• _What you are asked to do_: Quote the full listing word for word.

=== Section Start ===

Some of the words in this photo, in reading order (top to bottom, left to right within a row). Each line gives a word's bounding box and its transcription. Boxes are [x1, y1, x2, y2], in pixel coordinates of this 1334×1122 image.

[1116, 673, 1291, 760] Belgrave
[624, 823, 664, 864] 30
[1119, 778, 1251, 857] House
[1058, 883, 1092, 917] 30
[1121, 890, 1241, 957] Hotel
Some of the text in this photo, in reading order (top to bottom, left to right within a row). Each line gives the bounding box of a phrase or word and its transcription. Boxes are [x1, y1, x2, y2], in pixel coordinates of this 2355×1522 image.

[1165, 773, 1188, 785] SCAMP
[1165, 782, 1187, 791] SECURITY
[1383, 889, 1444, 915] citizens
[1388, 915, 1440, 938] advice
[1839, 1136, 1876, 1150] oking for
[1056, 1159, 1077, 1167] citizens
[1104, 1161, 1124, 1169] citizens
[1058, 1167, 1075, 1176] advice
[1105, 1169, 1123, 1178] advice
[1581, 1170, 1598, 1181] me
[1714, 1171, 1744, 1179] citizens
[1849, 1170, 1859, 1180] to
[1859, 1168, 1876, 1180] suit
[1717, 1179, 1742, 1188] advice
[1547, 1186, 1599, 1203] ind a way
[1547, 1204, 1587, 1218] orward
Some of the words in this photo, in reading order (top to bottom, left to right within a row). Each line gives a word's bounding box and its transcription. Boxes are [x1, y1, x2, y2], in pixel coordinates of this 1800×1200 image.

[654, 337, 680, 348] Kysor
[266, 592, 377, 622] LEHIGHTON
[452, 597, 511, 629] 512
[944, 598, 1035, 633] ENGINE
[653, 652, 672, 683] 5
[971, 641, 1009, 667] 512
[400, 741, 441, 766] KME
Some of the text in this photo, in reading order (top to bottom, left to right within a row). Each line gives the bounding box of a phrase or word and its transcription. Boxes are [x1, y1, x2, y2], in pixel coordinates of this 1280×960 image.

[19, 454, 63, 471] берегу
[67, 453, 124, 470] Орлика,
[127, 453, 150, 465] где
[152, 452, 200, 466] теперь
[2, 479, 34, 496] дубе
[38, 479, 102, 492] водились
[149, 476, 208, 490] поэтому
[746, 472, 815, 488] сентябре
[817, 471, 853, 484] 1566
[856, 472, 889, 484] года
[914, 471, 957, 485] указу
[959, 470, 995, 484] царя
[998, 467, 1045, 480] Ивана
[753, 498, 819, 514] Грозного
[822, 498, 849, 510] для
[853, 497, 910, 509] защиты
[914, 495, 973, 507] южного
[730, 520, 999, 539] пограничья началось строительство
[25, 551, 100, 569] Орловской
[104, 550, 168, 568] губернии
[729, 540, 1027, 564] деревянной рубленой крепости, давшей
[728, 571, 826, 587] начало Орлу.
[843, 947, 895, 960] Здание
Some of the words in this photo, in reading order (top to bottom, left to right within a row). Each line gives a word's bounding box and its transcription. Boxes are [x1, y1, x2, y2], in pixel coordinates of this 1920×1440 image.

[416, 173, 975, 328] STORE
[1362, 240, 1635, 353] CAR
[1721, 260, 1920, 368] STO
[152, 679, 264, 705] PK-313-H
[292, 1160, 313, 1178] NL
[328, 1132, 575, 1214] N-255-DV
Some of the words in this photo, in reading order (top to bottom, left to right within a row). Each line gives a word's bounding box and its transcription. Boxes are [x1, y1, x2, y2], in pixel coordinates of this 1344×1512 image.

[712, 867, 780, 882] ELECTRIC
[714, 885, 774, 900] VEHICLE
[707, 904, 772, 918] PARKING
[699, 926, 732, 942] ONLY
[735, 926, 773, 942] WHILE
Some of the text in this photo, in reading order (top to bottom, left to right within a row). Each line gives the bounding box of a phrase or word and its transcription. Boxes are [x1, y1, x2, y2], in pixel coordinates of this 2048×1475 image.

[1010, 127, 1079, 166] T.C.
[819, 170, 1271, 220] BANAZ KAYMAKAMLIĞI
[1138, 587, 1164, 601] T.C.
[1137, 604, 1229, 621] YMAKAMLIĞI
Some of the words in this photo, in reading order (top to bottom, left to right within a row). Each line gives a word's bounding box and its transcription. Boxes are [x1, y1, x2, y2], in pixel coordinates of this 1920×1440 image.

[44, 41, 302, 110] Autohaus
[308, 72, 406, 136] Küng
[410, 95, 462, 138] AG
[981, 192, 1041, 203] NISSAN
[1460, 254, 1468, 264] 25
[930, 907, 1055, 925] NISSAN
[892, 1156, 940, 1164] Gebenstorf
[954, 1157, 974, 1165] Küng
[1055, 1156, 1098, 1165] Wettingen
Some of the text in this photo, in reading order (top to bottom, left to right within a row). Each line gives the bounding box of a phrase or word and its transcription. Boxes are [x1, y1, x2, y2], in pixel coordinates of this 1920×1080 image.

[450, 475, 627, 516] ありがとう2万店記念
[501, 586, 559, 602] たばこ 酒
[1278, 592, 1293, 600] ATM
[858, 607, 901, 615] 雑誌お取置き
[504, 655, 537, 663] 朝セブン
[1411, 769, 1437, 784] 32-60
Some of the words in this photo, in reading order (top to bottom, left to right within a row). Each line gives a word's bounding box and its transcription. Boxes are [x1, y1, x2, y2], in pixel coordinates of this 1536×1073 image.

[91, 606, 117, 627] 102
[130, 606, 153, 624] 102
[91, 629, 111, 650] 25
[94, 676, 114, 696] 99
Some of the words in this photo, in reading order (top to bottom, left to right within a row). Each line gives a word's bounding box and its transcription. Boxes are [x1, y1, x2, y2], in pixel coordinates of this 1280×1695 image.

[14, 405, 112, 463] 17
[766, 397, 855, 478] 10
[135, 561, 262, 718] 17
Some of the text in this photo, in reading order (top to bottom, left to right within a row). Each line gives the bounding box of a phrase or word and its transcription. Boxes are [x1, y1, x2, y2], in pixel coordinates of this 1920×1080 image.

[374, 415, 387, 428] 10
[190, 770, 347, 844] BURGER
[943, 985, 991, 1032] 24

=== Section End ===

• _Answer space_:
Some of the words in this photo, in reading order (top to bottom, left to right within a row). Each line gives a word's bounding box and its transcription. Boxes are [x1, y1, x2, y2], in pixel coordinates of this 1334×1122 image.

[1116, 673, 1291, 760] Belgrave
[624, 823, 664, 864] 30
[1119, 778, 1251, 857] House
[1058, 883, 1092, 917] 30
[1121, 890, 1241, 957] Hotel
Some of the text in this photo, in reading order (top to bottom, left to right within a row). Each line gives the bounding box of a phrase or word and its transcription. Boxes are [x1, y1, x2, y2], in pixel coordinates of this 2355×1522 image.

[1165, 773, 1188, 785] SCAMP
[1165, 782, 1187, 791] SECURITY
[1383, 889, 1444, 915] citizens
[1388, 915, 1440, 938] advice
[1839, 1136, 1876, 1150] oking for
[1056, 1159, 1077, 1167] citizens
[1104, 1161, 1124, 1169] citizens
[1058, 1167, 1075, 1176] advice
[1105, 1169, 1123, 1178] advice
[1581, 1170, 1598, 1181] me
[1714, 1171, 1744, 1179] citizens
[1849, 1170, 1859, 1180] to
[1859, 1168, 1876, 1180] suit
[1717, 1179, 1742, 1188] advice
[1547, 1186, 1599, 1203] ind a way
[1547, 1204, 1587, 1218] orward
Some of the words in this photo, in reading order (top to bottom, left to right within a row). Each line gives a word's bounding box and its transcription. Boxes are [x1, y1, x2, y2], in pixel coordinates of this 1800×1200 image.

[654, 337, 680, 348] Kysor
[266, 592, 377, 622] LEHIGHTON
[452, 597, 511, 629] 512
[944, 598, 1035, 633] ENGINE
[653, 652, 672, 683] 5
[971, 641, 1009, 667] 512
[400, 741, 441, 766] KME
Some of the text in this photo, in reading order (top to bottom, left to right within a row). Each line gives the bounding box of a phrase or word and its transcription. Boxes are [x1, y1, x2, y2], in pixel coordinates of this 1280×960 image.

[19, 454, 63, 471] берегу
[67, 453, 124, 470] Орлика,
[127, 453, 150, 465] где
[152, 452, 200, 466] теперь
[2, 479, 34, 496] дубе
[38, 479, 102, 492] водились
[149, 476, 208, 490] поэтому
[746, 472, 815, 488] сентябре
[817, 471, 853, 484] 1566
[856, 472, 889, 484] года
[914, 471, 957, 485] указу
[959, 470, 995, 484] царя
[998, 467, 1045, 480] Ивана
[753, 498, 819, 514] Грозного
[822, 498, 849, 510] для
[853, 497, 910, 509] защиты
[914, 495, 973, 507] южного
[730, 520, 999, 539] пограничья началось строительство
[25, 551, 100, 569] Орловской
[104, 550, 168, 568] губернии
[729, 540, 1027, 564] деревянной рубленой крепости, давшей
[728, 571, 826, 587] начало Орлу.
[843, 947, 895, 960] Здание
Some of the words in this photo, in reading order (top to bottom, left to right within a row). Each line gives a word's bounding box and its transcription. Boxes are [x1, y1, x2, y2], in pixel coordinates of this 1920×1440 image.

[416, 173, 975, 328] STORE
[1362, 240, 1635, 353] CAR
[1721, 260, 1920, 368] STO
[152, 679, 264, 705] PK-313-H
[292, 1160, 313, 1178] NL
[328, 1132, 575, 1214] N-255-DV
Some of the words in this photo, in reading order (top to bottom, left to right within a row). Each line gives a word's bounding box and its transcription. Boxes are [x1, y1, x2, y2], in pixel coordinates of this 1344×1512 image.

[712, 867, 780, 882] ELECTRIC
[714, 885, 774, 900] VEHICLE
[707, 904, 772, 918] PARKING
[699, 926, 732, 942] ONLY
[735, 926, 773, 942] WHILE
Some of the text in this photo, in reading order (top to bottom, left to right within a row). Each line gives the bounding box of a phrase or word and its transcription. Boxes are [x1, y1, x2, y2], in pixel coordinates of this 2048×1475 image.

[1010, 127, 1079, 166] T.C.
[819, 170, 1271, 220] BANAZ KAYMAKAMLIĞI
[1138, 587, 1164, 601] T.C.
[1137, 604, 1229, 621] YMAKAMLIĞI
Some of the words in this photo, in reading order (top to bottom, left to right within a row). Each line gives a word's bounding box and its transcription. Boxes are [x1, y1, x2, y2], in pixel coordinates of this 1920×1440 image.

[44, 41, 302, 110] Autohaus
[308, 72, 406, 136] Küng
[410, 95, 462, 138] AG
[981, 192, 1041, 203] NISSAN
[1460, 254, 1468, 264] 25
[930, 907, 1055, 925] NISSAN
[892, 1156, 940, 1164] Gebenstorf
[954, 1157, 974, 1165] Küng
[1055, 1156, 1098, 1165] Wettingen
Some of the text in this photo, in reading order (top to bottom, left to right within a row). Each line gives the bounding box of a phrase or word and its transcription. Boxes are [x1, y1, x2, y2], in pixel coordinates of this 1920×1080 image.

[450, 475, 627, 516] ありがとう2万店記念
[501, 586, 559, 602] たばこ 酒
[1278, 592, 1293, 600] ATM
[858, 607, 901, 615] 雑誌お取置き
[504, 655, 537, 663] 朝セブン
[1411, 769, 1437, 784] 32-60
Some of the words in this photo, in reading order (top to bottom, left to right within a row). Each line gives a word's bounding box and its transcription. Boxes are [x1, y1, x2, y2], in pixel coordinates of this 1536×1073 image.

[91, 606, 117, 627] 102
[130, 606, 153, 624] 102
[91, 629, 111, 650] 25
[94, 676, 114, 696] 99
Some of the words in this photo, in reading order (top to bottom, left to right within a row). Each line gives a word's bounding box and its transcription. Boxes are [x1, y1, x2, y2], in pixel coordinates of this 1280×1695 image.

[14, 405, 112, 463] 17
[766, 397, 855, 478] 10
[135, 561, 262, 718] 17
Some of the text in this photo, in reading order (top to bottom, left to right within a row). Each line gives the bounding box of a phrase or word and its transcription. Boxes are [x1, y1, x2, y2], in pixel coordinates of this 1920×1080 image.

[374, 415, 387, 428] 10
[190, 770, 347, 844] BURGER
[943, 985, 991, 1032] 24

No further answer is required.